### EXERCISE PROMPT
Return all the entries word for word, minus the pictures.

### Phrase grounding data

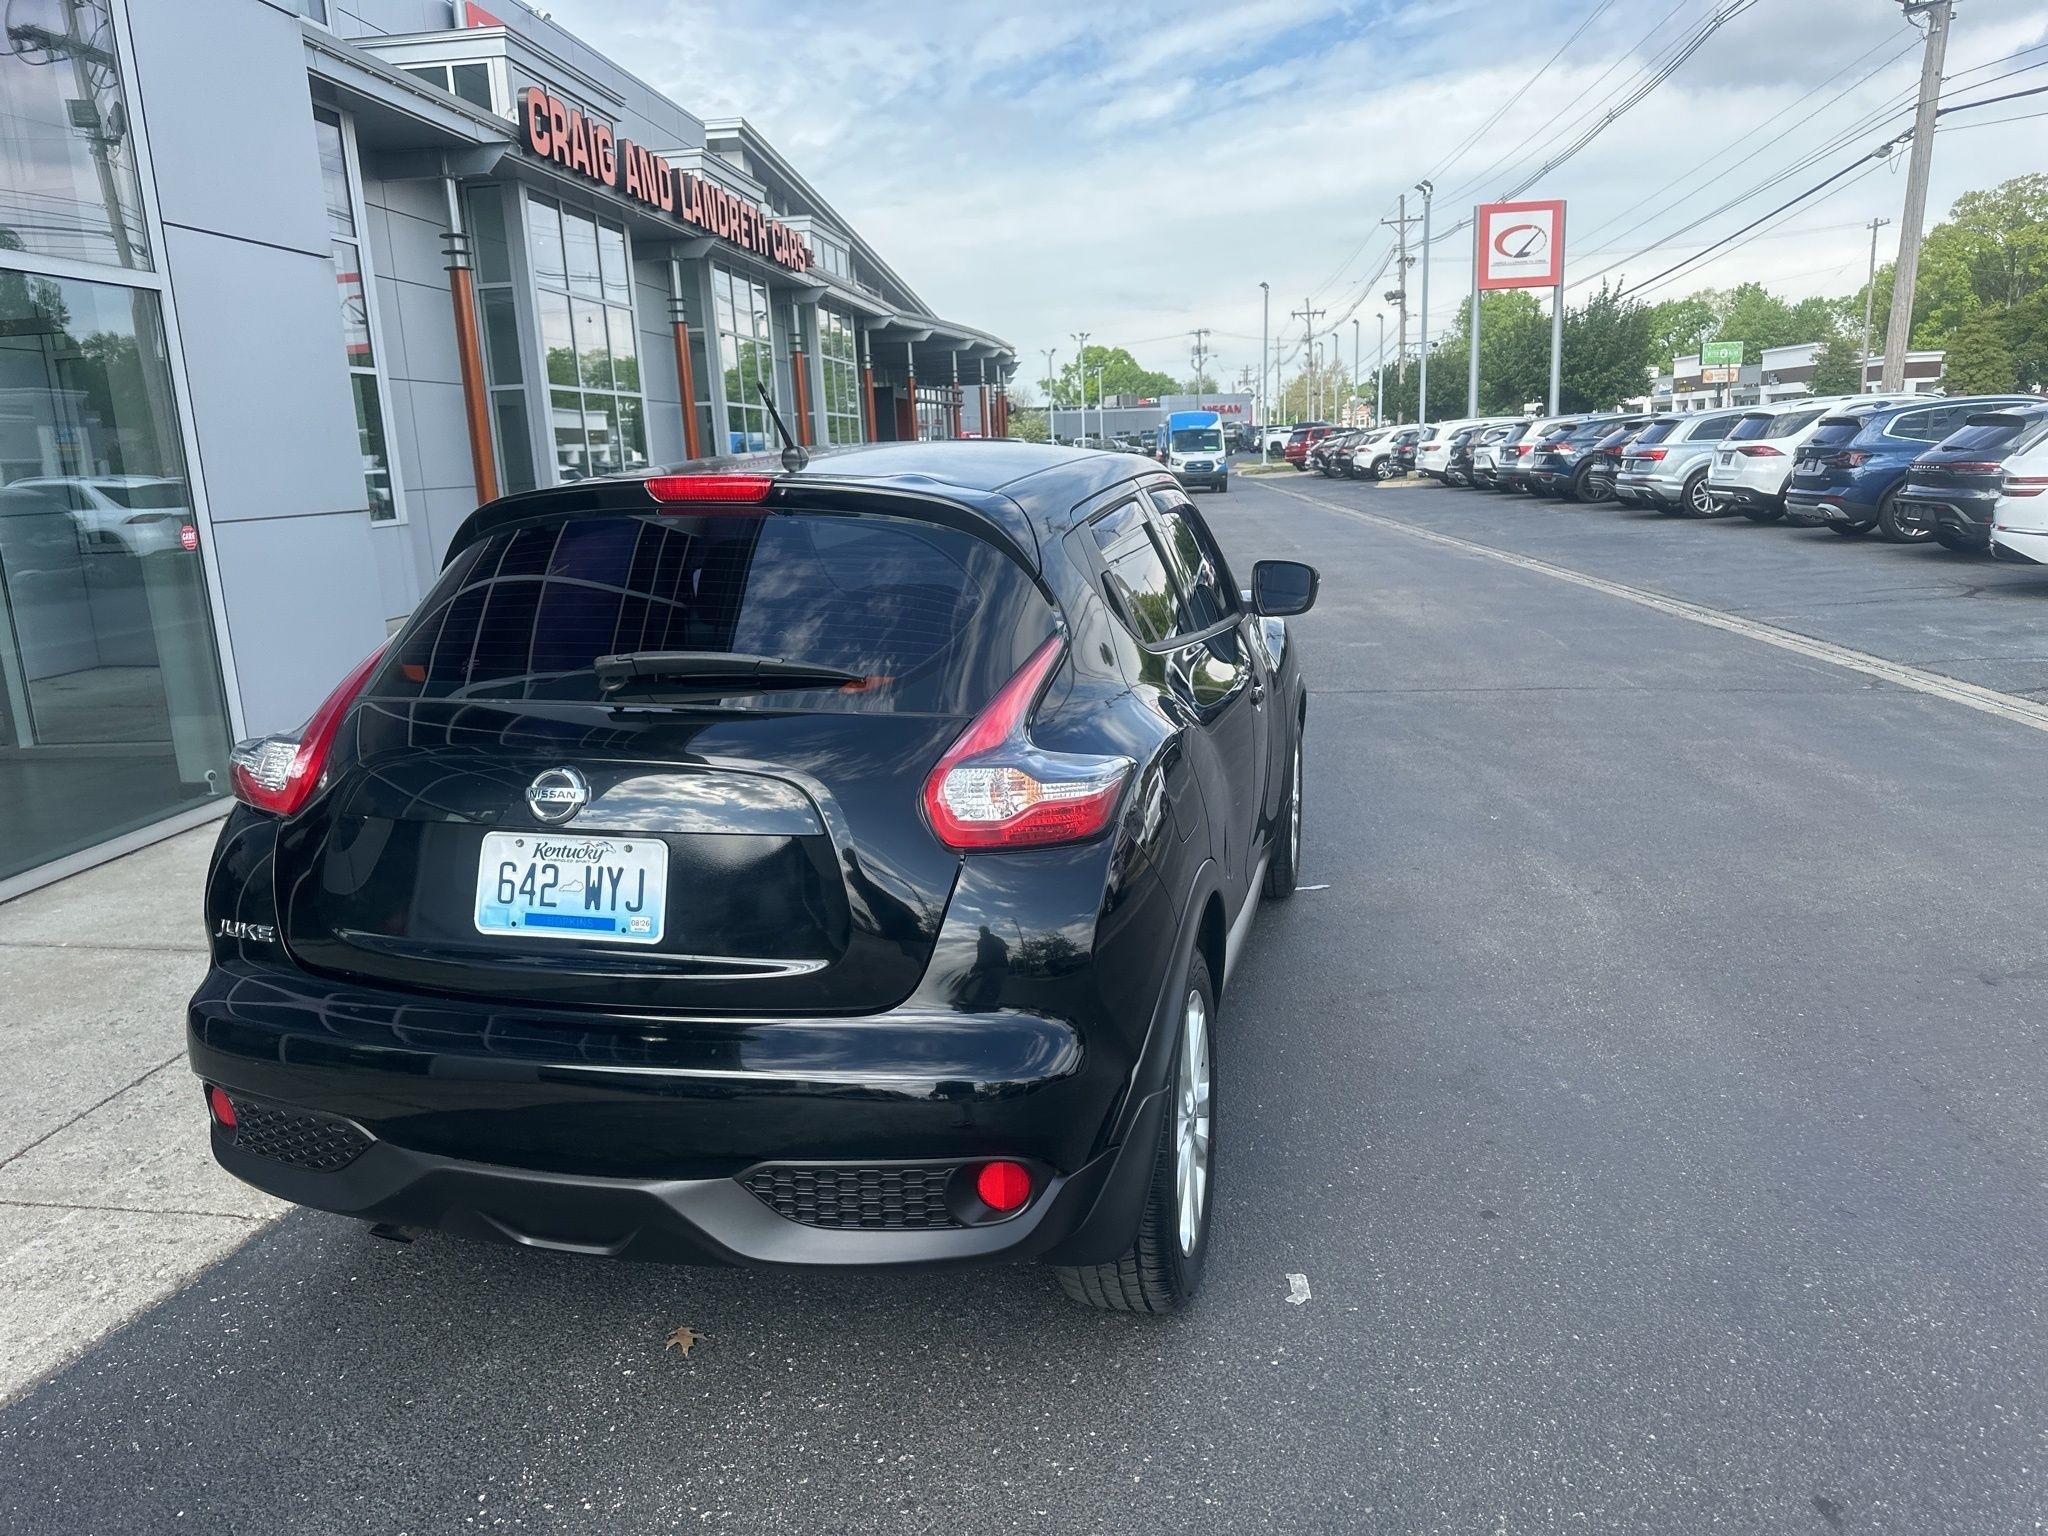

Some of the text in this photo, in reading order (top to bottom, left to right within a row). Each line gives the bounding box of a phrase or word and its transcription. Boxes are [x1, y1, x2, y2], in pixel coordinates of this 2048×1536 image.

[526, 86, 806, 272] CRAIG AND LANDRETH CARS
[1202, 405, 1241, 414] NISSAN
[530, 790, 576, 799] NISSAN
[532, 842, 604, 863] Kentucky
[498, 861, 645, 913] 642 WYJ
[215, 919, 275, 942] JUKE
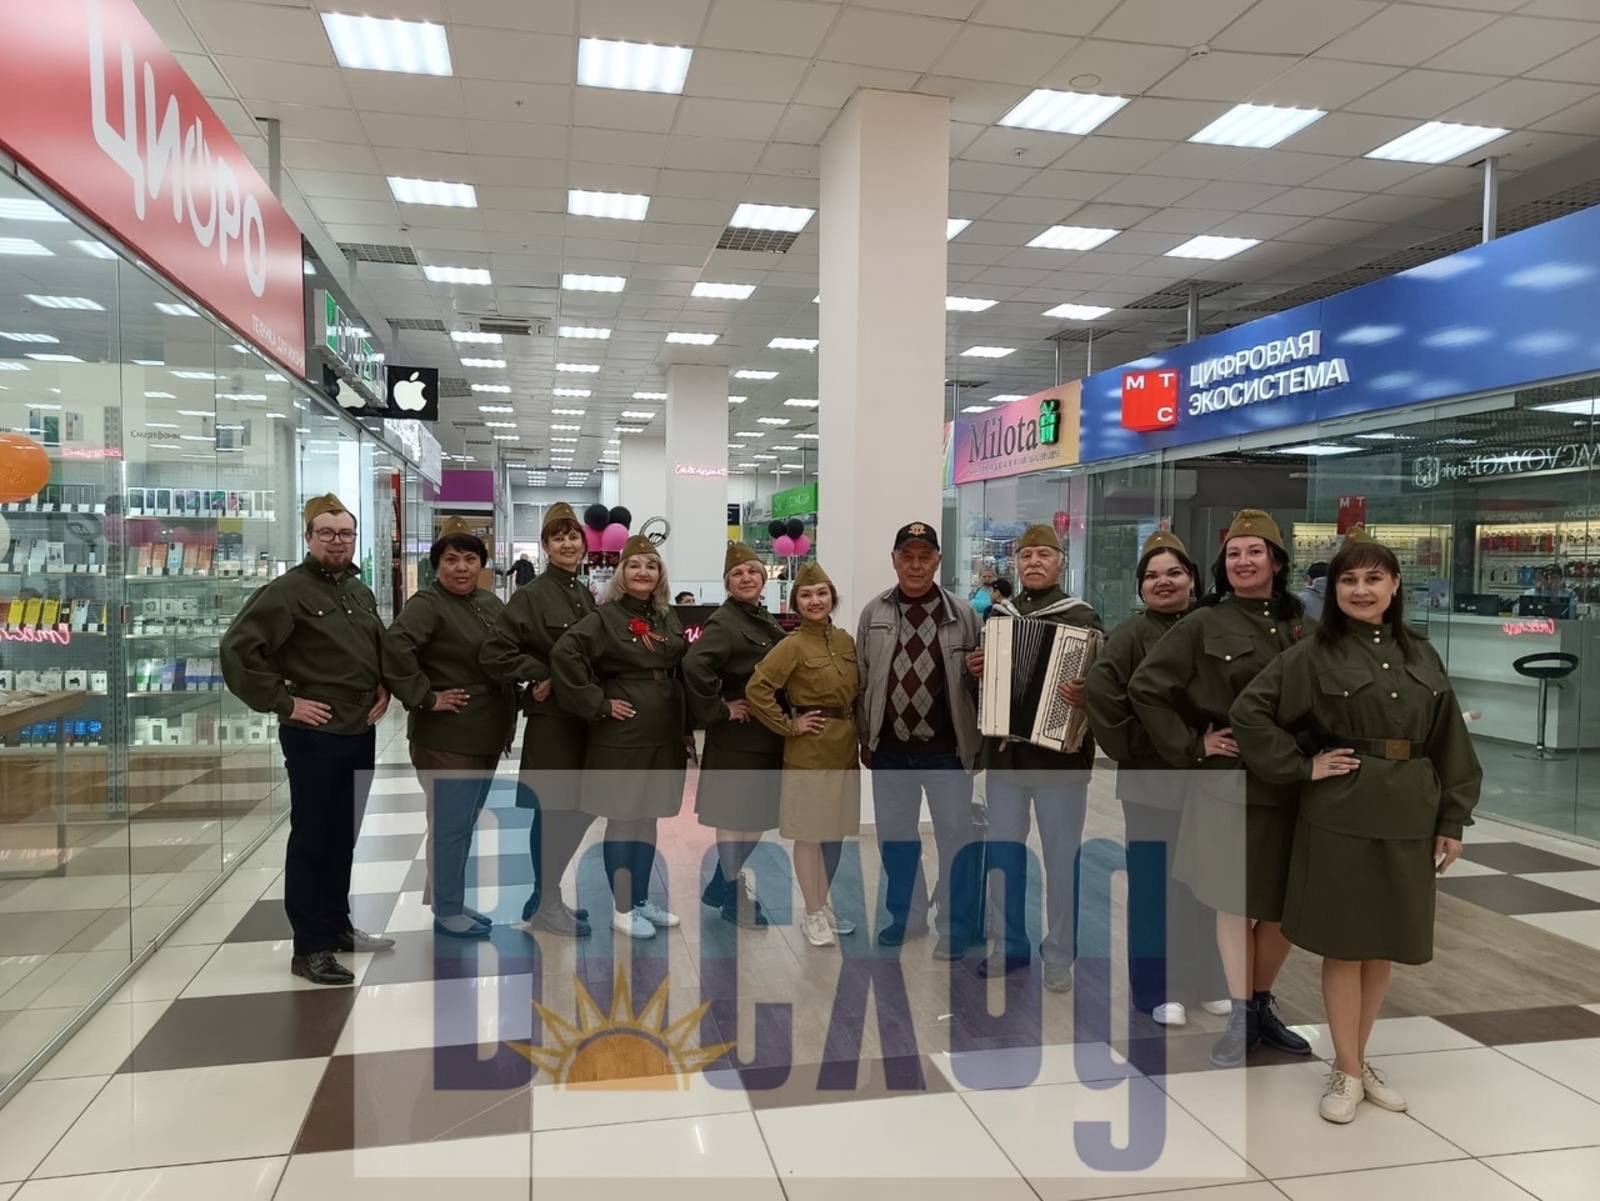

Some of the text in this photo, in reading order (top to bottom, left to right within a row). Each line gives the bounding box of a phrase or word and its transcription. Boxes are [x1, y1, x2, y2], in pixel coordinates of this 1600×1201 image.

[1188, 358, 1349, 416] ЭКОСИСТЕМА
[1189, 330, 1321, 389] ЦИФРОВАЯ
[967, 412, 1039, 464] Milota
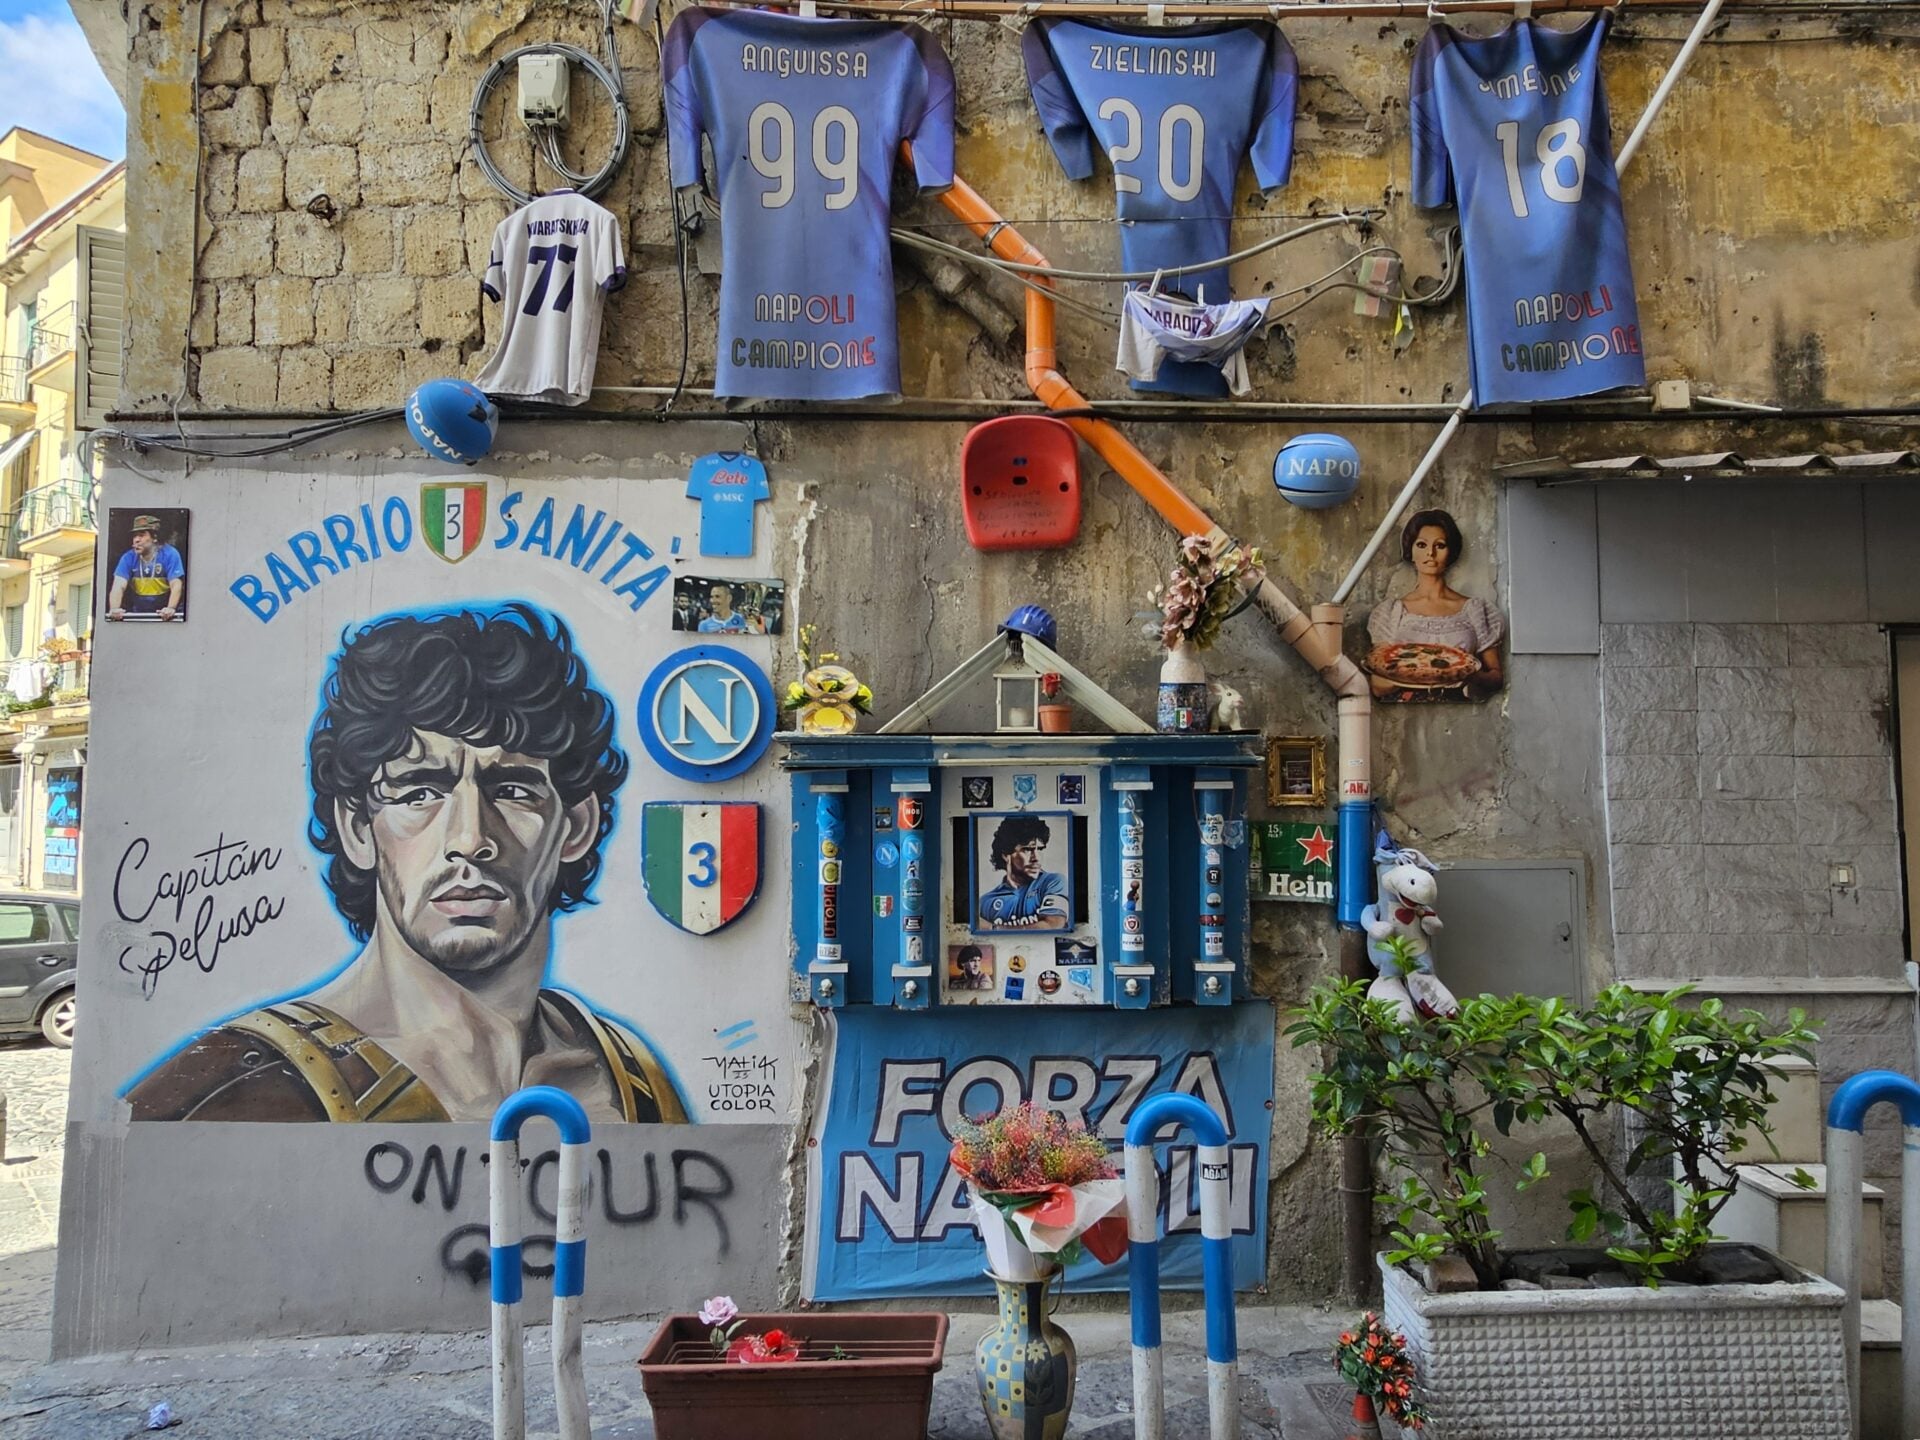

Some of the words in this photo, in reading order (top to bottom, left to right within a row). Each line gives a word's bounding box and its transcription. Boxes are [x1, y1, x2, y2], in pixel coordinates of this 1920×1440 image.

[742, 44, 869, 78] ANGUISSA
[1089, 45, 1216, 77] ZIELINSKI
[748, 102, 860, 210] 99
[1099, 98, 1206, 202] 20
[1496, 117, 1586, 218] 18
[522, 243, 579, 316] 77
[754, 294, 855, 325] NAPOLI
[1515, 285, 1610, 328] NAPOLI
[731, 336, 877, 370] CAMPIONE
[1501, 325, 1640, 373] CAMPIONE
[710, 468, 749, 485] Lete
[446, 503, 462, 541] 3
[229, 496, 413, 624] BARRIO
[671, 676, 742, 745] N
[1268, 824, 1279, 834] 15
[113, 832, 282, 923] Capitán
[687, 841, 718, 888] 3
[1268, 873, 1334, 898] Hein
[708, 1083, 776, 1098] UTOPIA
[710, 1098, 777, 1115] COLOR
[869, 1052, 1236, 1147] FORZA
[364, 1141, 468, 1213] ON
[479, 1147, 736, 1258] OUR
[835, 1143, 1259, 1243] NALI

### TASK ANSWER
Some of the text in this photo, in reading order (top to bottom, left to right within a row). Each line gives the bounding box of a phrase or word and its transcription. Boxes are [x1, y1, x2, y2], in pixel coordinates of this 2048×1536 image.

[526, 86, 806, 272] CRAIG AND LANDRETH CARS
[1202, 405, 1241, 414] NISSAN
[530, 790, 576, 799] NISSAN
[532, 842, 604, 863] Kentucky
[498, 861, 645, 913] 642 WYJ
[215, 919, 275, 942] JUKE

Some of the text in this photo, in reading order (top to bottom, left to right within a row). Each line gives the bounding box of a phrase or word and its transcription. Boxes are [x1, y1, x2, y2], in pixel coordinates of this 1600×1201 image.

[1188, 358, 1349, 416] ЭКОСИСТЕМА
[1189, 330, 1321, 389] ЦИФРОВАЯ
[967, 412, 1039, 464] Milota

Some of the words in this photo, in reading order (top to bottom, left to right within a row). Each line gives a word's bounding box and its transcription. Boxes are [x1, y1, x2, y2], in pixel coordinates of this 1920×1440 image.

[742, 44, 869, 78] ANGUISSA
[1089, 45, 1216, 77] ZIELINSKI
[748, 102, 860, 210] 99
[1099, 98, 1206, 202] 20
[1496, 117, 1586, 218] 18
[522, 243, 579, 316] 77
[754, 294, 855, 325] NAPOLI
[1515, 285, 1610, 328] NAPOLI
[731, 336, 877, 370] CAMPIONE
[1501, 325, 1640, 373] CAMPIONE
[710, 468, 749, 485] Lete
[446, 503, 462, 541] 3
[229, 496, 413, 624] BARRIO
[671, 676, 742, 745] N
[1268, 824, 1279, 834] 15
[113, 832, 282, 923] Capitán
[687, 841, 718, 888] 3
[1268, 873, 1334, 898] Hein
[708, 1083, 776, 1098] UTOPIA
[710, 1098, 777, 1115] COLOR
[869, 1052, 1236, 1147] FORZA
[364, 1141, 468, 1213] ON
[479, 1147, 736, 1258] OUR
[835, 1143, 1259, 1243] NALI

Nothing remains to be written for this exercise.